Let’s first have a look what metrics he uses. In his slides, Ken Regan mentions:

• move-matching (MM%)
• average error per move (AE), scaled in units of PEPs
• equal-top matching (TM%), usually 34% higher than MM%

There are no definitions given in the slides. However we can make an educated guess about what is meant.

Move matching probably refers just to comparing moves from a game with the corresponding top engine move in that position.

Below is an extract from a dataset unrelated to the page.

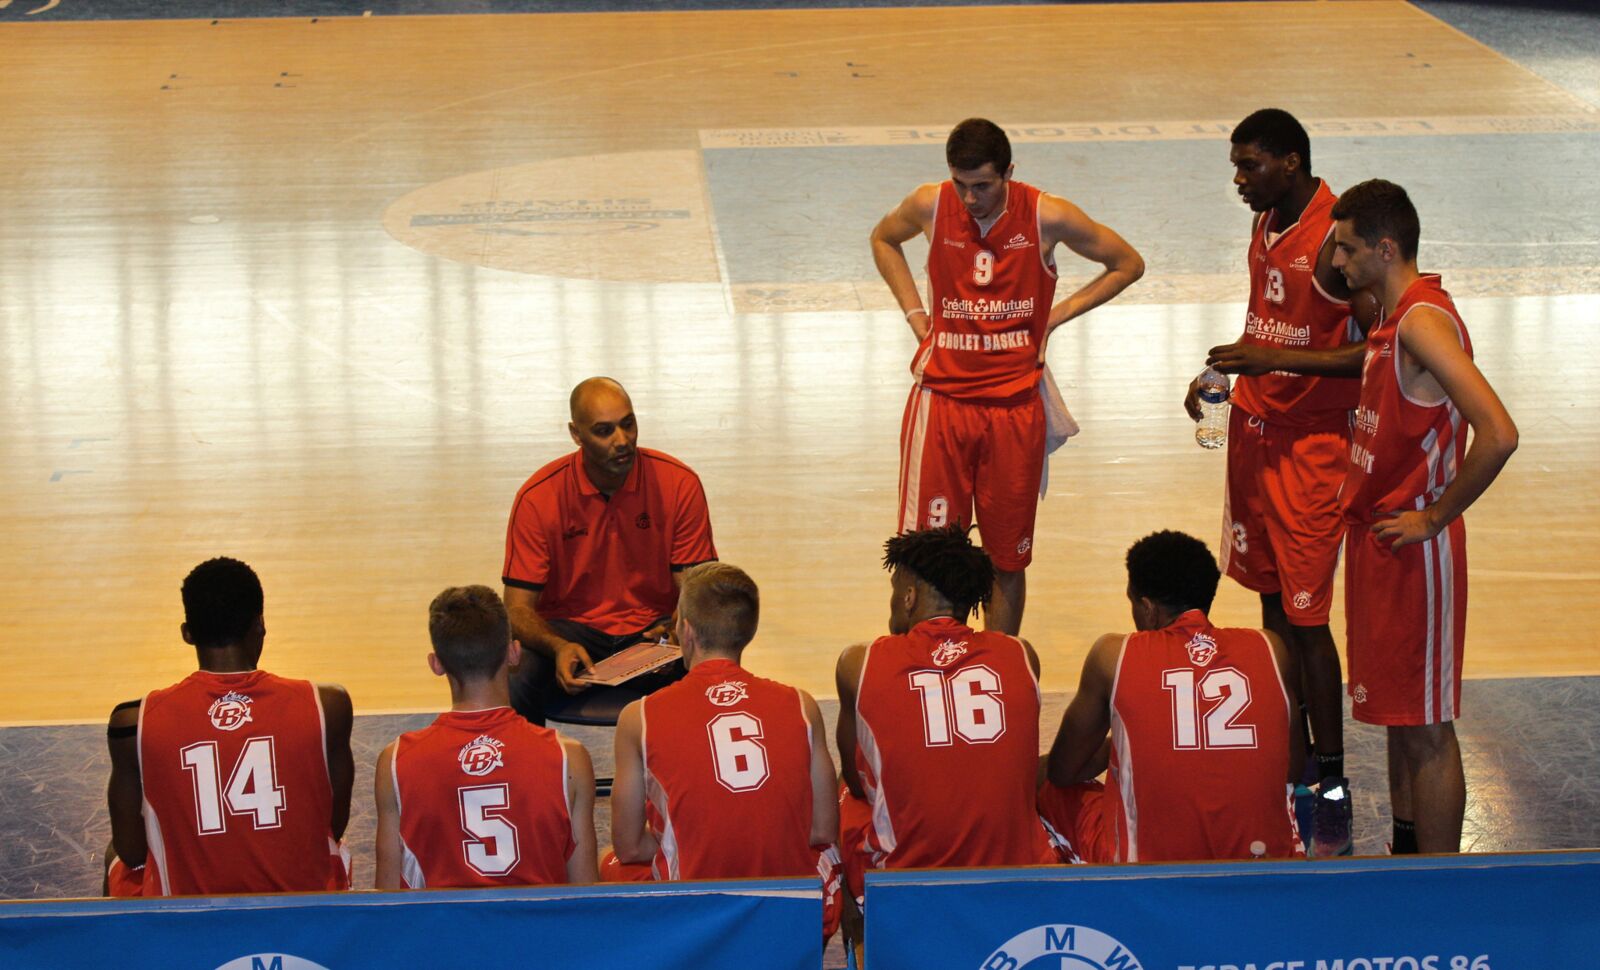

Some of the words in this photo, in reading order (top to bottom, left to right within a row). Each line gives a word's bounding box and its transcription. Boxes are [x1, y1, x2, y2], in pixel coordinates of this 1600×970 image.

Average error per move (AE) refers probably to comparing the evaluation of a played move with the top engine move, computing its difference in e.g. centipawns, summing these differences up for all moves of a game and dividing it by the number of moves played. This is limited however to positions with PEPs, which is defined as “Pawns in equal positions, i.e. we want to rule out very unequal positions. Say if you are +4.4, and you play a move that is just +4.1, then this is something we might want to rule out – it might technically be an error, but practically just converting to a winning position or simplifying to convert the win.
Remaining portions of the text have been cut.